PROBLEM DESCRIPTION
Every record is to be printed exactly as it appears.

Referring expression grounding data
--- START ---
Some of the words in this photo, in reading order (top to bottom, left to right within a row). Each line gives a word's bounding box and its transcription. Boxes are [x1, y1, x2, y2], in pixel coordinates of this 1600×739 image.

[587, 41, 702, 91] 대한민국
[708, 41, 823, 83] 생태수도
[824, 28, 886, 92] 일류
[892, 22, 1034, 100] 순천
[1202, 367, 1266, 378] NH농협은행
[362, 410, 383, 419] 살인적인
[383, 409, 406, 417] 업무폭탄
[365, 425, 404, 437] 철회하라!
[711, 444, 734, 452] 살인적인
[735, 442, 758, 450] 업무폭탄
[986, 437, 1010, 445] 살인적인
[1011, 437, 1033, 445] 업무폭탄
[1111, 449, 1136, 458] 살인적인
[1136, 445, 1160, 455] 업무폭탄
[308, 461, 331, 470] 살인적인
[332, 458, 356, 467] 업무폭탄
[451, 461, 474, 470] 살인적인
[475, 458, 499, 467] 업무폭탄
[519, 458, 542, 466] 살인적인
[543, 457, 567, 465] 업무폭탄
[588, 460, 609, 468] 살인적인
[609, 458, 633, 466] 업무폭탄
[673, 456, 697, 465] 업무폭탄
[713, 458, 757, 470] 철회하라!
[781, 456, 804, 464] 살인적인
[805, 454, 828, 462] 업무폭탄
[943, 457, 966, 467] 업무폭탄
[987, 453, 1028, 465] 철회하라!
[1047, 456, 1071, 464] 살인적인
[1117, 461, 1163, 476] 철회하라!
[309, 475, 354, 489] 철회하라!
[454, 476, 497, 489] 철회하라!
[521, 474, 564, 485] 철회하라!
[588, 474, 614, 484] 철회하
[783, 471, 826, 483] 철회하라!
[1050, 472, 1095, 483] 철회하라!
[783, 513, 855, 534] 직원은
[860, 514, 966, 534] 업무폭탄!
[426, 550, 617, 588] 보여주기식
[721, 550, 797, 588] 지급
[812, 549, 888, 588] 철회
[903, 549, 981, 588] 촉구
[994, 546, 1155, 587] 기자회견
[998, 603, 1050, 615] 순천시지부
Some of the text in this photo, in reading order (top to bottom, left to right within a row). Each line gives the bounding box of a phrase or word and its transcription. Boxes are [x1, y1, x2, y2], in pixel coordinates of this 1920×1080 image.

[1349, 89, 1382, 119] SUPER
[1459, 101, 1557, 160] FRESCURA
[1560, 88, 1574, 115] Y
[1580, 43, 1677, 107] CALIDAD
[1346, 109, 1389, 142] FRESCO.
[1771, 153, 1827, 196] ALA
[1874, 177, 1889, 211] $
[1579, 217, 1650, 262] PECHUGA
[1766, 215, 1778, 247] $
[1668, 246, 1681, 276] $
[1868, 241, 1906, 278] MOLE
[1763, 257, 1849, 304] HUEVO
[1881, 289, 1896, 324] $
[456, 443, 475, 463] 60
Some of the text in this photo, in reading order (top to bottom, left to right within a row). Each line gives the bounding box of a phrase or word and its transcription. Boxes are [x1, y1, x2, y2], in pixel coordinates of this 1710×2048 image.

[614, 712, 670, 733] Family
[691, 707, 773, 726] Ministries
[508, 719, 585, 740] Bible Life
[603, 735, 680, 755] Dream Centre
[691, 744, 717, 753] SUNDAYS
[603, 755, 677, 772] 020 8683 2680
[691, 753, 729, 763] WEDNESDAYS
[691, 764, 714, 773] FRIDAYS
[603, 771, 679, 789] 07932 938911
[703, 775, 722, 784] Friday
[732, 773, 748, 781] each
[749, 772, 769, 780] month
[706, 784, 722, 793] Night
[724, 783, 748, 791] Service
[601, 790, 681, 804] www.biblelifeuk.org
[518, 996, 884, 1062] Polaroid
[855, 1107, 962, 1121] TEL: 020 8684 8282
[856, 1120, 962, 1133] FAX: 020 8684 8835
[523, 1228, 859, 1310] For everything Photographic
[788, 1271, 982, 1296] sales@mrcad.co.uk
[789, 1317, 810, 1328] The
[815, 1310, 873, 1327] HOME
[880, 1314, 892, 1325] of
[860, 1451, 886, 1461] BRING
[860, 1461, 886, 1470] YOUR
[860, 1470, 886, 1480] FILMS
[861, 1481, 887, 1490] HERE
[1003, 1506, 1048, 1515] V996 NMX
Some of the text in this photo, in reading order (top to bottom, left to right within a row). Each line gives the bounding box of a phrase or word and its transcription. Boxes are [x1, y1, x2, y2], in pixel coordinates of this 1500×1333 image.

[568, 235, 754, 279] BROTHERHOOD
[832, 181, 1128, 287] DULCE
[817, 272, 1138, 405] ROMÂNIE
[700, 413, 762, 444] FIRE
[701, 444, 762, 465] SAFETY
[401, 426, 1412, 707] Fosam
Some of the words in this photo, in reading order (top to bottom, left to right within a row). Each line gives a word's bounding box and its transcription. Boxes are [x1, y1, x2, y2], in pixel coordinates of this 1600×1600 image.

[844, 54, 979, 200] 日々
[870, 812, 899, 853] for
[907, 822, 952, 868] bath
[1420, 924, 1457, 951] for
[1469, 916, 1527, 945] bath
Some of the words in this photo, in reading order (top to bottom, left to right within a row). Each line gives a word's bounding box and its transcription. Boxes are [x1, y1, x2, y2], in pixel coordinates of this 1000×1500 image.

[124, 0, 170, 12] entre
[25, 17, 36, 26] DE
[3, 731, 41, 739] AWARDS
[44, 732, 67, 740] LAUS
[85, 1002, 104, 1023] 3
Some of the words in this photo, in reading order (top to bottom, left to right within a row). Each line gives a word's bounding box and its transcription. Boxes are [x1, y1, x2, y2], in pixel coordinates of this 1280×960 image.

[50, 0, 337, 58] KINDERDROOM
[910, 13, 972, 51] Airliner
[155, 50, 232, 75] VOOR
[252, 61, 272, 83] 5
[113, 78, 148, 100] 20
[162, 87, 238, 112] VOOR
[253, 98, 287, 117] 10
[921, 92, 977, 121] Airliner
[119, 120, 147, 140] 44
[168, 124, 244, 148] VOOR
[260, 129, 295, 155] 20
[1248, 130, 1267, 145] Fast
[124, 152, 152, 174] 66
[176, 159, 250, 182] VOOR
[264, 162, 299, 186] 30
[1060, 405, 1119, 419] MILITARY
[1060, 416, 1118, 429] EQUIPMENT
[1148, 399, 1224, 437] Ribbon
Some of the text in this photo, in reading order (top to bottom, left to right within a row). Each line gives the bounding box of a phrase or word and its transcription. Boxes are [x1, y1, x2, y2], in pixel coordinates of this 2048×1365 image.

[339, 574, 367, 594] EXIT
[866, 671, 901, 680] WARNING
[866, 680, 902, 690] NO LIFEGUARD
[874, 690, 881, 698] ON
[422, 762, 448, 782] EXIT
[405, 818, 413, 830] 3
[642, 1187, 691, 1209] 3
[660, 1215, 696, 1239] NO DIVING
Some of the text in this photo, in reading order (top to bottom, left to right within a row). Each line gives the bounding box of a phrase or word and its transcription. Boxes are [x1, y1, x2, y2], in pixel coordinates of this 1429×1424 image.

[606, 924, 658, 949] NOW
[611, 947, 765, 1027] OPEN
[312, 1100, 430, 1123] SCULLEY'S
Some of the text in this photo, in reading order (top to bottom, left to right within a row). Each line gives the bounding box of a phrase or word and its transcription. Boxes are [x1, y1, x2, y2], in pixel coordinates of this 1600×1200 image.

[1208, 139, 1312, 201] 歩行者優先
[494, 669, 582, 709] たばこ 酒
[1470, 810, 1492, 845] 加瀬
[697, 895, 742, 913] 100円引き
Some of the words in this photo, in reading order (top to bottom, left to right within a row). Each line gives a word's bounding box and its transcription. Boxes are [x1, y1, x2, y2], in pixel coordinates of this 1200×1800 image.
--- END ---
WRITTEN ANSWER
Some of the words in this photo, in reading order (top to bottom, left to right within a row). Each line gives a word's bounding box and its transcription. Boxes are [x1, y1, x2, y2], in pixel coordinates of this 1600×739 image.

[587, 41, 702, 91] 대한민국
[708, 41, 823, 83] 생태수도
[824, 28, 886, 92] 일류
[892, 22, 1034, 100] 순천
[1202, 367, 1266, 378] NH농협은행
[362, 410, 383, 419] 살인적인
[383, 409, 406, 417] 업무폭탄
[365, 425, 404, 437] 철회하라!
[711, 444, 734, 452] 살인적인
[735, 442, 758, 450] 업무폭탄
[986, 437, 1010, 445] 살인적인
[1011, 437, 1033, 445] 업무폭탄
[1111, 449, 1136, 458] 살인적인
[1136, 445, 1160, 455] 업무폭탄
[308, 461, 331, 470] 살인적인
[332, 458, 356, 467] 업무폭탄
[451, 461, 474, 470] 살인적인
[475, 458, 499, 467] 업무폭탄
[519, 458, 542, 466] 살인적인
[543, 457, 567, 465] 업무폭탄
[588, 460, 609, 468] 살인적인
[609, 458, 633, 466] 업무폭탄
[673, 456, 697, 465] 업무폭탄
[713, 458, 757, 470] 철회하라!
[781, 456, 804, 464] 살인적인
[805, 454, 828, 462] 업무폭탄
[943, 457, 966, 467] 업무폭탄
[987, 453, 1028, 465] 철회하라!
[1047, 456, 1071, 464] 살인적인
[1117, 461, 1163, 476] 철회하라!
[309, 475, 354, 489] 철회하라!
[454, 476, 497, 489] 철회하라!
[521, 474, 564, 485] 철회하라!
[588, 474, 614, 484] 철회하
[783, 471, 826, 483] 철회하라!
[1050, 472, 1095, 483] 철회하라!
[783, 513, 855, 534] 직원은
[860, 514, 966, 534] 업무폭탄!
[426, 550, 617, 588] 보여주기식
[721, 550, 797, 588] 지급
[812, 549, 888, 588] 철회
[903, 549, 981, 588] 촉구
[994, 546, 1155, 587] 기자회견
[998, 603, 1050, 615] 순천시지부
Some of the text in this photo, in reading order (top to bottom, left to right within a row). Each line gives the bounding box of a phrase or word and its transcription. Boxes are [x1, y1, x2, y2], in pixel coordinates of this 1920×1080 image.

[1349, 89, 1382, 119] SUPER
[1459, 101, 1557, 160] FRESCURA
[1560, 88, 1574, 115] Y
[1580, 43, 1677, 107] CALIDAD
[1346, 109, 1389, 142] FRESCO.
[1771, 153, 1827, 196] ALA
[1874, 177, 1889, 211] $
[1579, 217, 1650, 262] PECHUGA
[1766, 215, 1778, 247] $
[1668, 246, 1681, 276] $
[1868, 241, 1906, 278] MOLE
[1763, 257, 1849, 304] HUEVO
[1881, 289, 1896, 324] $
[456, 443, 475, 463] 60
Some of the text in this photo, in reading order (top to bottom, left to right within a row). Each line gives the bounding box of a phrase or word and its transcription. Boxes are [x1, y1, x2, y2], in pixel coordinates of this 1710×2048 image.

[614, 712, 670, 733] Family
[691, 707, 773, 726] Ministries
[508, 719, 585, 740] Bible Life
[603, 735, 680, 755] Dream Centre
[691, 744, 717, 753] SUNDAYS
[603, 755, 677, 772] 020 8683 2680
[691, 753, 729, 763] WEDNESDAYS
[691, 764, 714, 773] FRIDAYS
[603, 771, 679, 789] 07932 938911
[703, 775, 722, 784] Friday
[732, 773, 748, 781] each
[749, 772, 769, 780] month
[706, 784, 722, 793] Night
[724, 783, 748, 791] Service
[601, 790, 681, 804] www.biblelifeuk.org
[518, 996, 884, 1062] Polaroid
[855, 1107, 962, 1121] TEL: 020 8684 8282
[856, 1120, 962, 1133] FAX: 020 8684 8835
[523, 1228, 859, 1310] For everything Photographic
[788, 1271, 982, 1296] sales@mrcad.co.uk
[789, 1317, 810, 1328] The
[815, 1310, 873, 1327] HOME
[880, 1314, 892, 1325] of
[860, 1451, 886, 1461] BRING
[860, 1461, 886, 1470] YOUR
[860, 1470, 886, 1480] FILMS
[861, 1481, 887, 1490] HERE
[1003, 1506, 1048, 1515] V996 NMX
Some of the text in this photo, in reading order (top to bottom, left to right within a row). Each line gives the bounding box of a phrase or word and its transcription. Boxes are [x1, y1, x2, y2], in pixel coordinates of this 1500×1333 image.

[568, 235, 754, 279] BROTHERHOOD
[832, 181, 1128, 287] DULCE
[817, 272, 1138, 405] ROMÂNIE
[700, 413, 762, 444] FIRE
[701, 444, 762, 465] SAFETY
[401, 426, 1412, 707] Fosam
Some of the words in this photo, in reading order (top to bottom, left to right within a row). Each line gives a word's bounding box and its transcription. Boxes are [x1, y1, x2, y2], in pixel coordinates of this 1600×1600 image.

[844, 54, 979, 200] 日々
[870, 812, 899, 853] for
[907, 822, 952, 868] bath
[1420, 924, 1457, 951] for
[1469, 916, 1527, 945] bath
Some of the words in this photo, in reading order (top to bottom, left to right within a row). Each line gives a word's bounding box and its transcription. Boxes are [x1, y1, x2, y2], in pixel coordinates of this 1000×1500 image.

[124, 0, 170, 12] entre
[25, 17, 36, 26] DE
[3, 731, 41, 739] AWARDS
[44, 732, 67, 740] LAUS
[85, 1002, 104, 1023] 3
Some of the words in this photo, in reading order (top to bottom, left to right within a row). Each line gives a word's bounding box and its transcription. Boxes are [x1, y1, x2, y2], in pixel coordinates of this 1280×960 image.

[50, 0, 337, 58] KINDERDROOM
[910, 13, 972, 51] Airliner
[155, 50, 232, 75] VOOR
[252, 61, 272, 83] 5
[113, 78, 148, 100] 20
[162, 87, 238, 112] VOOR
[253, 98, 287, 117] 10
[921, 92, 977, 121] Airliner
[119, 120, 147, 140] 44
[168, 124, 244, 148] VOOR
[260, 129, 295, 155] 20
[1248, 130, 1267, 145] Fast
[124, 152, 152, 174] 66
[176, 159, 250, 182] VOOR
[264, 162, 299, 186] 30
[1060, 405, 1119, 419] MILITARY
[1060, 416, 1118, 429] EQUIPMENT
[1148, 399, 1224, 437] Ribbon
Some of the text in this photo, in reading order (top to bottom, left to right within a row). Each line gives the bounding box of a phrase or word and its transcription. Boxes are [x1, y1, x2, y2], in pixel coordinates of this 2048×1365 image.

[339, 574, 367, 594] EXIT
[866, 671, 901, 680] WARNING
[866, 680, 902, 690] NO LIFEGUARD
[874, 690, 881, 698] ON
[422, 762, 448, 782] EXIT
[405, 818, 413, 830] 3
[642, 1187, 691, 1209] 3
[660, 1215, 696, 1239] NO DIVING
Some of the text in this photo, in reading order (top to bottom, left to right within a row). Each line gives the bounding box of a phrase or word and its transcription. Boxes are [x1, y1, x2, y2], in pixel coordinates of this 1429×1424 image.

[606, 924, 658, 949] NOW
[611, 947, 765, 1027] OPEN
[312, 1100, 430, 1123] SCULLEY'S
Some of the text in this photo, in reading order (top to bottom, left to right within a row). Each line gives the bounding box of a phrase or word and its transcription. Boxes are [x1, y1, x2, y2], in pixel coordinates of this 1600×1200 image.

[1208, 139, 1312, 201] 歩行者優先
[494, 669, 582, 709] たばこ 酒
[1470, 810, 1492, 845] 加瀬
[697, 895, 742, 913] 100円引き
Some of the words in this photo, in reading order (top to bottom, left to right within a row). Each line gives a word's bounding box and its transcription. Boxes are [x1, y1, x2, y2], in pixel coordinates of this 1200×1800 image.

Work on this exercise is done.